Exercise directions: The goal is to restate all of the records below word for word.

Data for the task:
▬▬▬▬▬▬

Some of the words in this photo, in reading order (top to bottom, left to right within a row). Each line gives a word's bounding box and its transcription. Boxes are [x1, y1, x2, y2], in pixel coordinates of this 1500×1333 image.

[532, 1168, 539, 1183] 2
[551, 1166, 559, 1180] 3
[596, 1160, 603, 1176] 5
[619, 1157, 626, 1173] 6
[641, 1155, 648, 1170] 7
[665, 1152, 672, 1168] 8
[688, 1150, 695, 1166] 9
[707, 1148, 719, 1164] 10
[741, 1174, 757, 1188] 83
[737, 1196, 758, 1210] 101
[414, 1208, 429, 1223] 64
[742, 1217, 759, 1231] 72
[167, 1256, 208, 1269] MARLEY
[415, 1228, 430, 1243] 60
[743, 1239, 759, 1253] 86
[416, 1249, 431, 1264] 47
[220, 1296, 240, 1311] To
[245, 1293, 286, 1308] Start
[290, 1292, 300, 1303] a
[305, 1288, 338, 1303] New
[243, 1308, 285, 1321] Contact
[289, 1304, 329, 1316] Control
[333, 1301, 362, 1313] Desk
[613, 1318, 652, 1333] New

▬▬▬▬▬▬

Written solution:
Some of the words in this photo, in reading order (top to bottom, left to right within a row). Each line gives a word's bounding box and its transcription. Boxes are [x1, y1, x2, y2], in pixel coordinates of this 1500×1333 image.

[532, 1168, 539, 1183] 2
[551, 1166, 559, 1180] 3
[596, 1160, 603, 1176] 5
[619, 1157, 626, 1173] 6
[641, 1155, 648, 1170] 7
[665, 1152, 672, 1168] 8
[688, 1150, 695, 1166] 9
[707, 1148, 719, 1164] 10
[741, 1174, 757, 1188] 83
[737, 1196, 758, 1210] 101
[414, 1208, 429, 1223] 64
[742, 1217, 759, 1231] 72
[167, 1256, 208, 1269] MARLEY
[415, 1228, 430, 1243] 60
[743, 1239, 759, 1253] 86
[416, 1249, 431, 1264] 47
[220, 1296, 240, 1311] To
[245, 1293, 286, 1308] Start
[290, 1292, 300, 1303] a
[305, 1288, 338, 1303] New
[243, 1308, 285, 1321] Contact
[289, 1304, 329, 1316] Control
[333, 1301, 362, 1313] Desk
[613, 1318, 652, 1333] New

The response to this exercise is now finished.